When I was younger, I didn’t necessarily crave love… I just knew I wanted to be a mother. Maybe it was an expectation I had of myself, something instilled by the church, or perhaps a bit of rebellion against the wounds of my lineage, a chance to do it all “right.” I’m not entirely sure. But in my bones, I knew I would mother. What I didn’t anticipate was that even after creating and loving four humans, I would desperately need to mother myself.
It’s a hard truth, but loving your children isn’t enough these days. Maybe it never was. This world isn’t set up for mothers. We aren’t meant to be alone, to push through, to spiral while still needing to cook dinner again, frozen pizza? Cue the chicken nuggets, add some peas to feel better.

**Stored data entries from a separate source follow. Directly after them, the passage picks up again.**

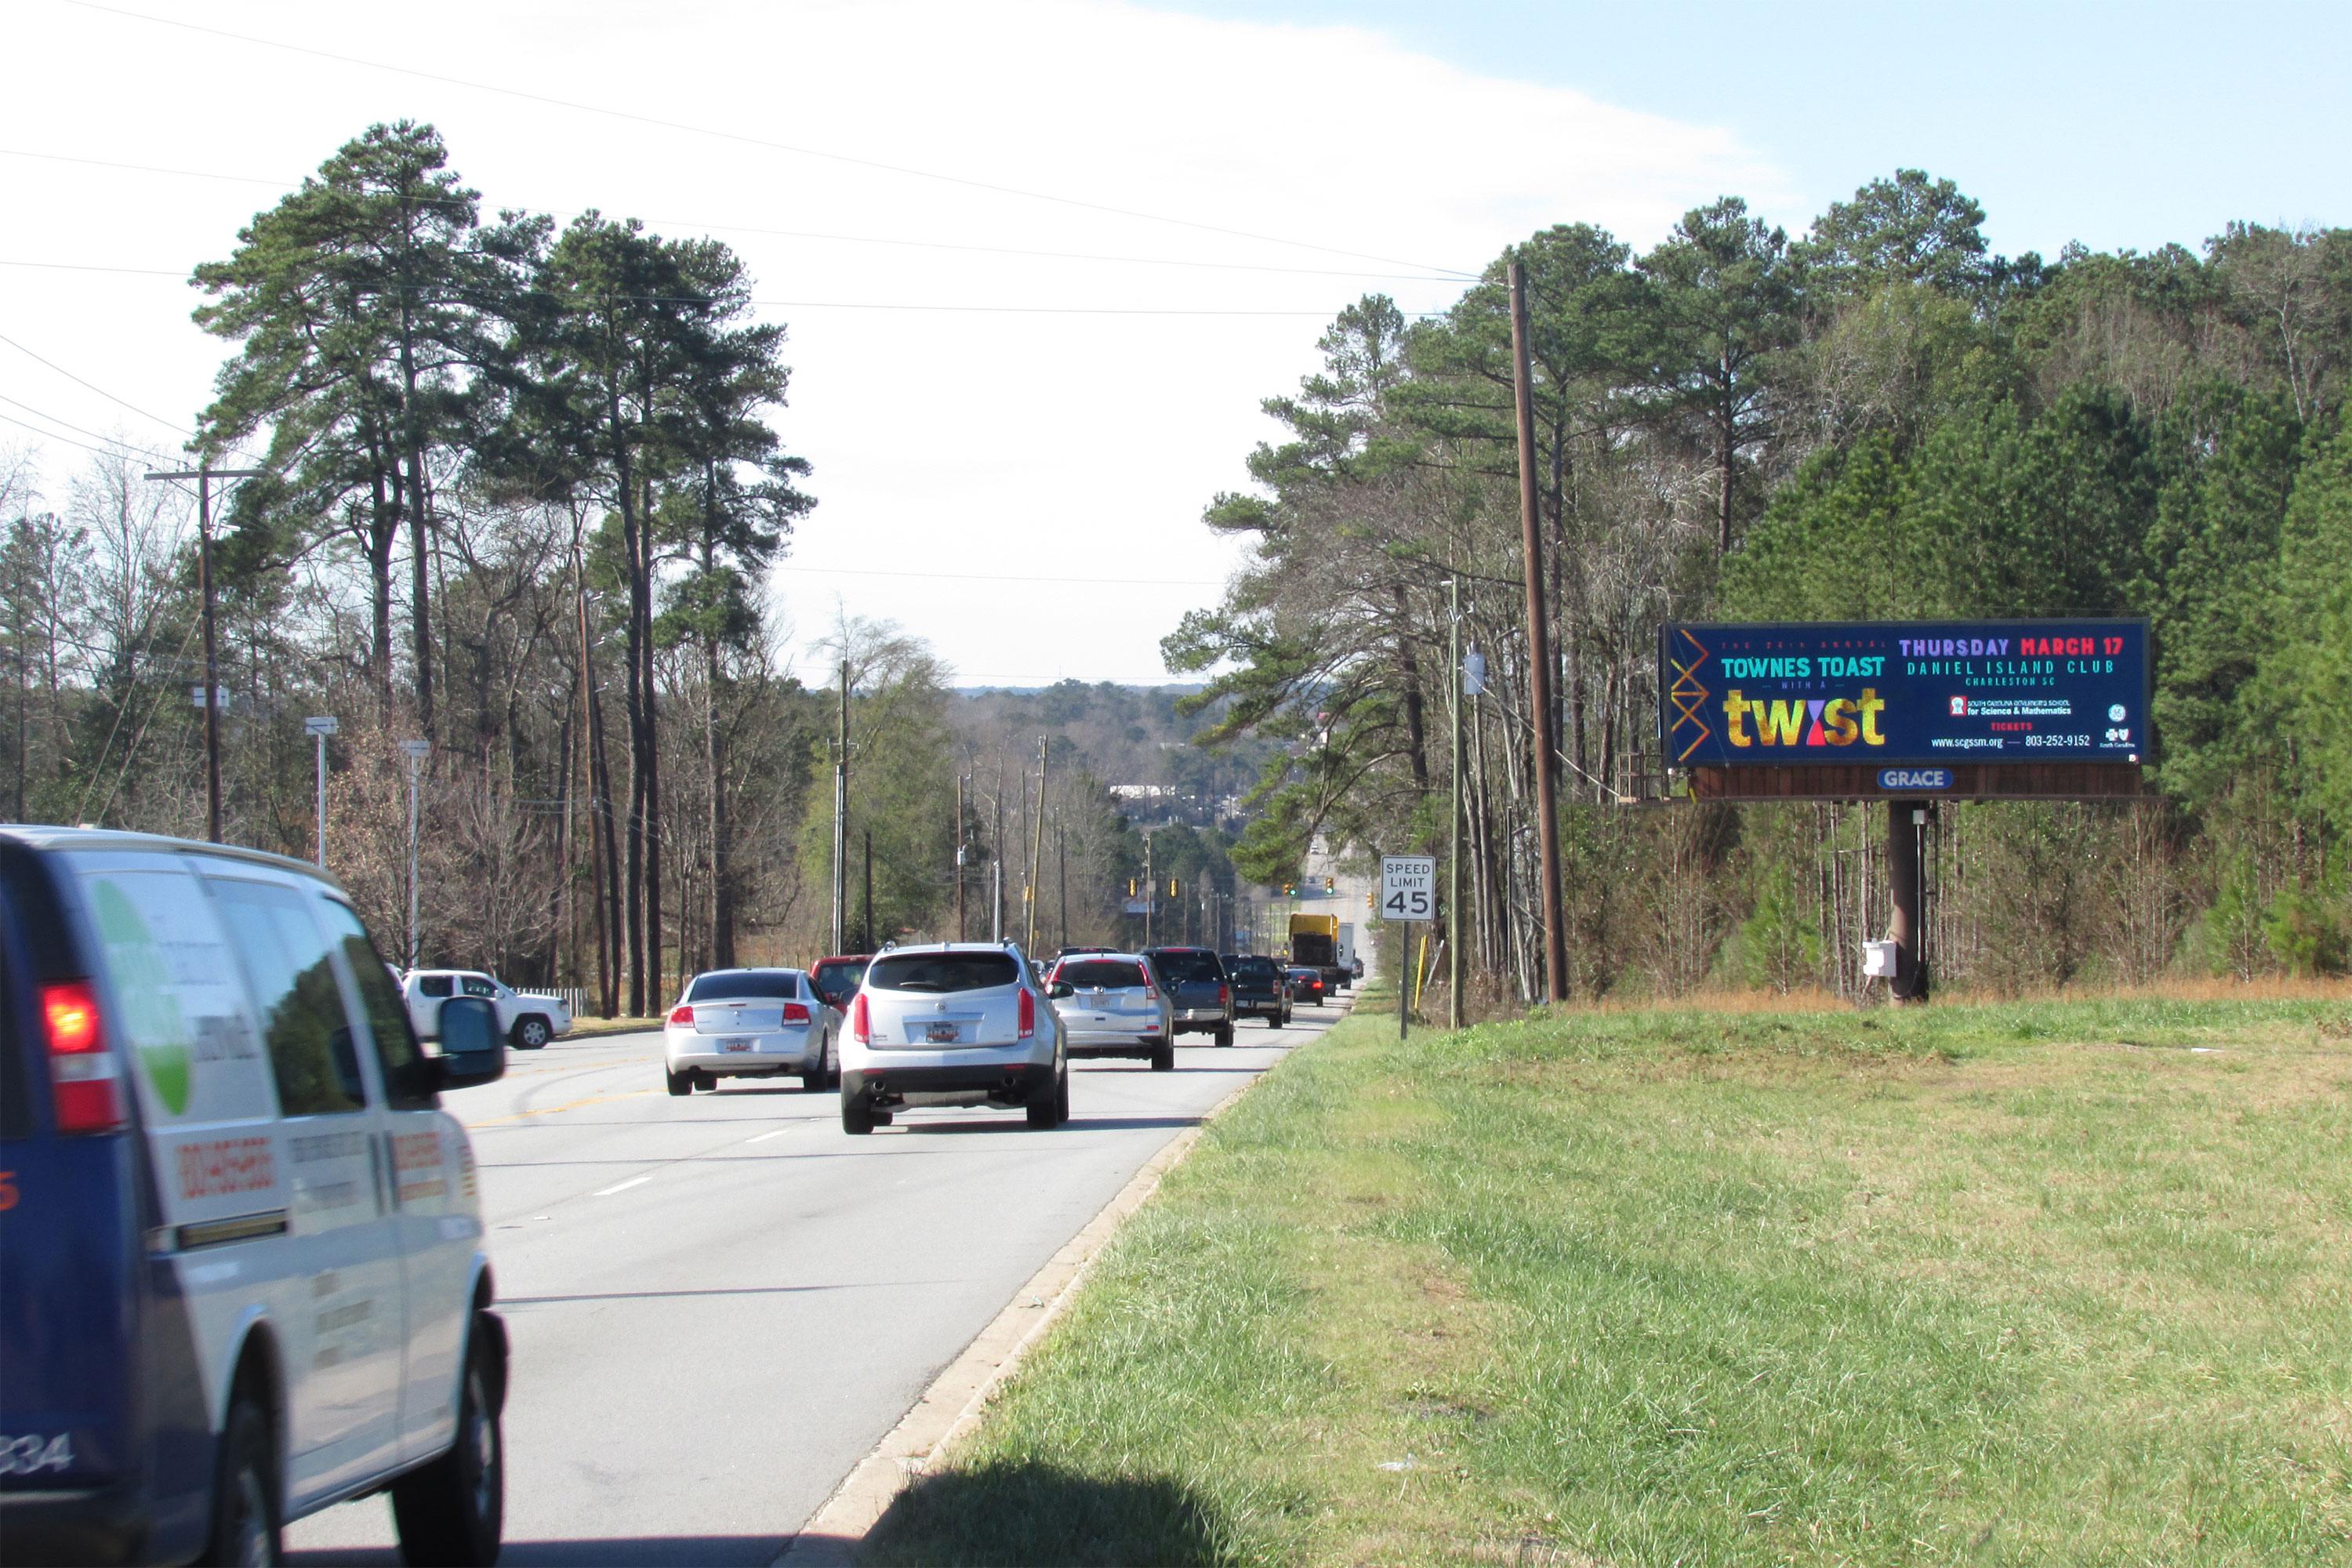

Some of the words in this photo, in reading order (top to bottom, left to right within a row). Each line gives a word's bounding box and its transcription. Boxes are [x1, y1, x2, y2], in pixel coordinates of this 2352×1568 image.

[1899, 639, 2009, 656] THURSDAY
[2020, 638, 2094, 655] MARCH
[2103, 637, 2123, 655] 17
[1721, 658, 1810, 678] TOWNES
[1817, 656, 1886, 677] TOAST
[1907, 662, 1973, 675] DANIEL
[1987, 661, 2054, 674] ISLAND
[2067, 660, 2114, 673] CLUB
[1965, 677, 2035, 686] CHARLESTON
[2042, 677, 2055, 686] SC
[1722, 688, 1886, 747] twist
[1967, 707, 1979, 716] for
[2022, 706, 2072, 715] Mathematics
[1991, 722, 2033, 731] TICKETS
[1931, 738, 2004, 749] www.scgssm.org
[2025, 735, 2090, 746] 803-252-9152
[1884, 771, 1944, 786] GRACE
[1386, 863, 1430, 874] SPEED
[1391, 877, 1425, 887] LIMIT
[1386, 891, 1428, 914] 45

I became a mother young. I fell in love in a whirlwind with a wizard of a young man. We barely knew each other, but coming from the evangelical world, that was permissible, and we quickly wed. We were madly in love. And yes, we were horny too. Somehow, I lucked out because, over 15 years, we’ve evolved many times, deconstructed, and still choose each other. Together, we’ve created four magical humans. And here’s my truth, one that brings tears to my eyes: I have not mothered well. Friends would argue with me here, but I know, as we all know, our deepest selves. & This is mine.

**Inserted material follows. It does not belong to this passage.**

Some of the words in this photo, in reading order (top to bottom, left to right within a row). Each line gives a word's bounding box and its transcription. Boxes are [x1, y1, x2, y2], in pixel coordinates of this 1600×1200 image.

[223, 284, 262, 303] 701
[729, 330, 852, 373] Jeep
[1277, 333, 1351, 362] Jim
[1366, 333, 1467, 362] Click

I could be a good mother… but I’m not. I love my children more than words can express. I love them like my first memory of sunlight warming my skin. I love them like the wind in my hair when I rode my bike as a little girl, feeling free. I love them with a sense of time slipping away, like water through my fingers. I love them in the quiet moments when I remember sleepless nights, learning to nurse, and those tiny hands that saw me as their goddess, their life. I love them like a poem that you revisit over and over… that’s how I love them … Sometimes.
And then, in the reality of day-to-day life, in my chronic illness and homeschooling journey, one I started long before Covid and am now questioning (I’ll write more on that later), I love them out of necessity, exhaustion, uncertainty. Sometimes, that love comes laced with annoyance. I love them while constantly worrying that I’m somehow traumatizing them. I whisper … But please, give me space. Give me a moment. Understand: I’m touched out, worn down, tired. I need a break. Do you know how exhausting it is to watch time slip by while simultaneously knowing you desperately need a pause?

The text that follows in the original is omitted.